---------- DATA SHOWN

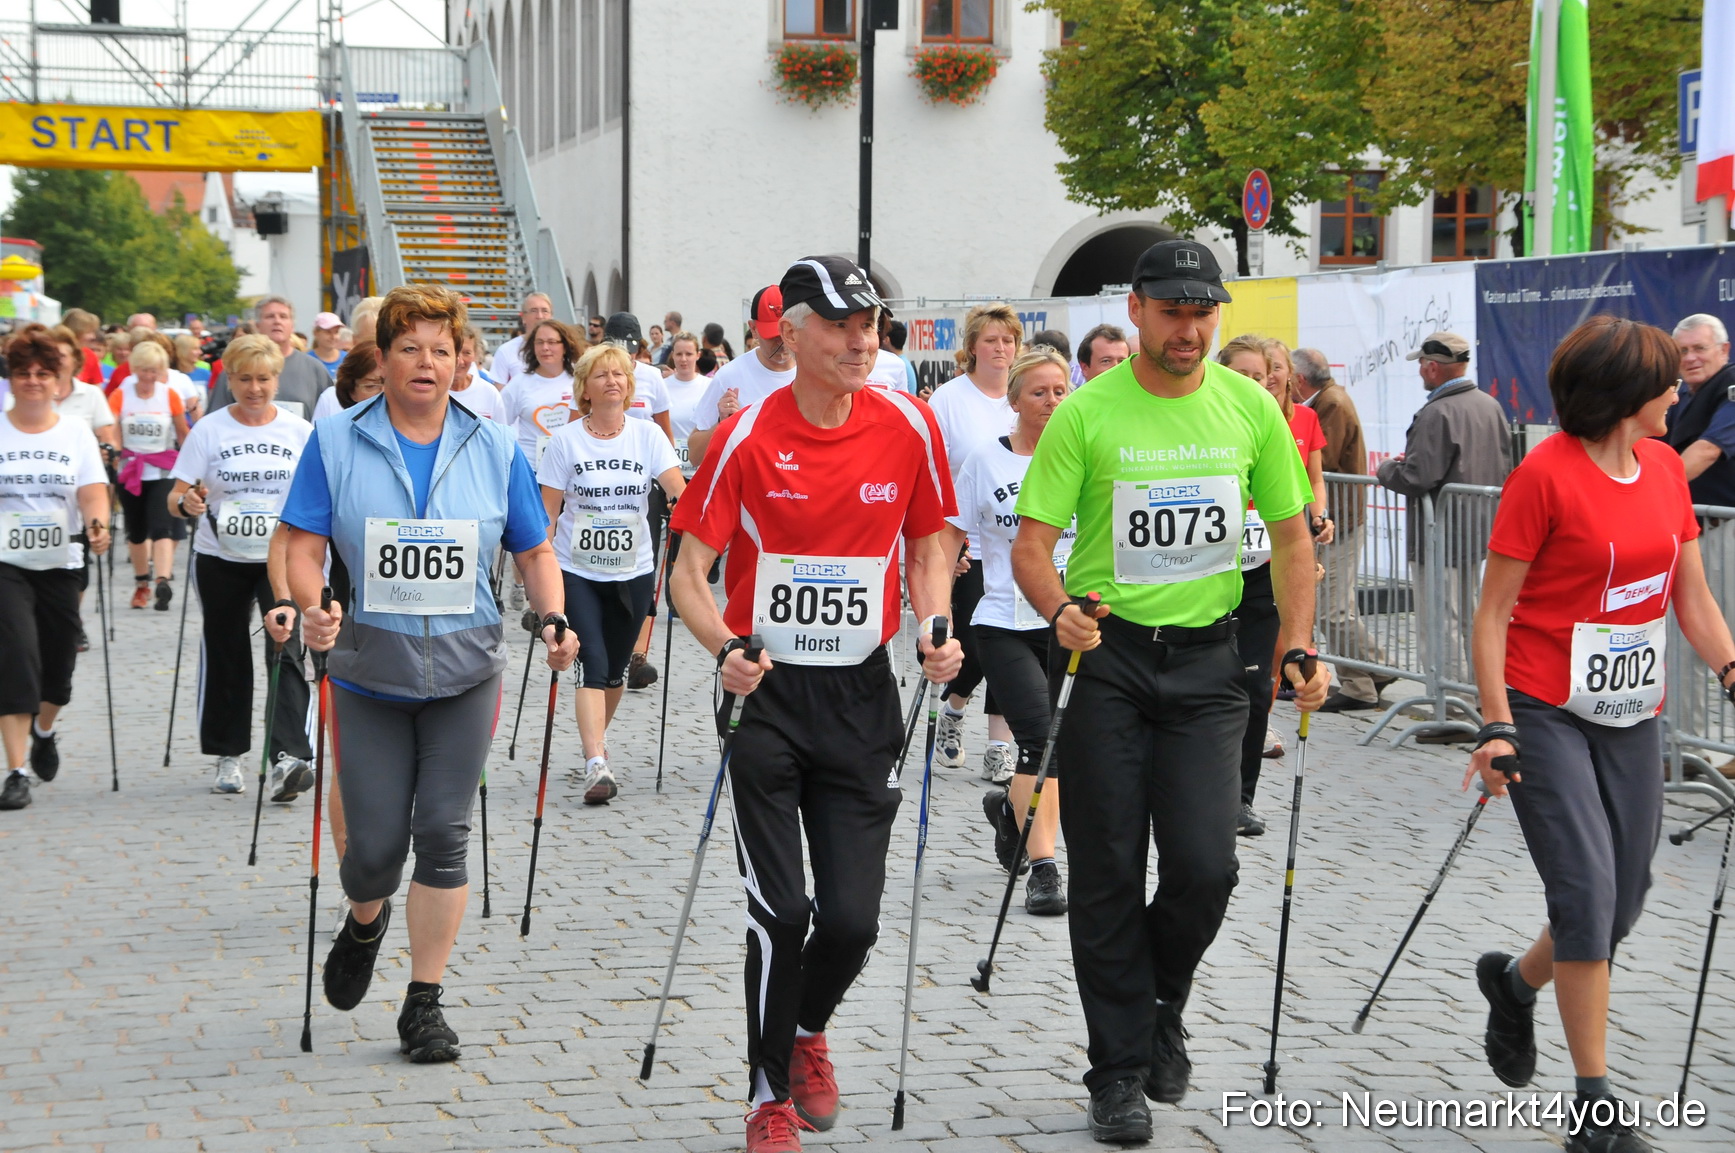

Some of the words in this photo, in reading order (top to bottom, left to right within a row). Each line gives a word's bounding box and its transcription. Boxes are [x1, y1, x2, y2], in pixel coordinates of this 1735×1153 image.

[30, 116, 180, 152] START
[1719, 278, 1735, 301] EU
[220, 443, 292, 460] BERGER
[574, 459, 644, 475] BERGER
[775, 462, 799, 470] erima
[574, 484, 610, 498] POWER
[614, 484, 647, 497] GIRLS
[1149, 485, 1200, 499] BOCK
[617, 503, 640, 512] talking
[398, 526, 444, 537] BOCK
[1128, 506, 1227, 548] 8073
[9, 527, 62, 550] 8090
[579, 529, 633, 551] 8063
[1118, 541, 1125, 549] N
[378, 544, 464, 580] 8065
[590, 555, 621, 566] Christl
[1150, 553, 1198, 569] Otmar
[369, 571, 375, 579] N
[793, 564, 847, 577] BOCK
[389, 584, 425, 602] Maria
[1624, 583, 1652, 600] DEHN
[769, 584, 868, 626] 8055
[758, 616, 764, 624] N
[794, 634, 840, 652] Horst
[1609, 630, 1648, 645] BOCK
[1586, 647, 1656, 693] 8002
[1593, 699, 1643, 719] Brigitte

--------------------

__WHAT THE TASK ASKS__:
Produce the entries above once more, exactly as given, with each picture left out.

__SOLUTION FOR THIS EXERCISE__:
Some of the words in this photo, in reading order (top to bottom, left to right within a row). Each line gives a word's bounding box and its transcription. Boxes are [x1, y1, x2, y2], in pixel coordinates of this 1735×1153 image.

[30, 116, 180, 152] START
[1719, 278, 1735, 301] EU
[220, 443, 292, 460] BERGER
[574, 459, 644, 475] BERGER
[775, 462, 799, 470] erima
[574, 484, 610, 498] POWER
[614, 484, 647, 497] GIRLS
[1149, 485, 1200, 499] BOCK
[617, 503, 640, 512] talking
[398, 526, 444, 537] BOCK
[1128, 506, 1227, 548] 8073
[9, 527, 62, 550] 8090
[579, 529, 633, 551] 8063
[1118, 541, 1125, 549] N
[378, 544, 464, 580] 8065
[590, 555, 621, 566] Christl
[1150, 553, 1198, 569] Otmar
[369, 571, 375, 579] N
[793, 564, 847, 577] BOCK
[389, 584, 425, 602] Maria
[1624, 583, 1652, 600] DEHN
[769, 584, 868, 626] 8055
[758, 616, 764, 624] N
[794, 634, 840, 652] Horst
[1609, 630, 1648, 645] BOCK
[1586, 647, 1656, 693] 8002
[1593, 699, 1643, 719] Brigitte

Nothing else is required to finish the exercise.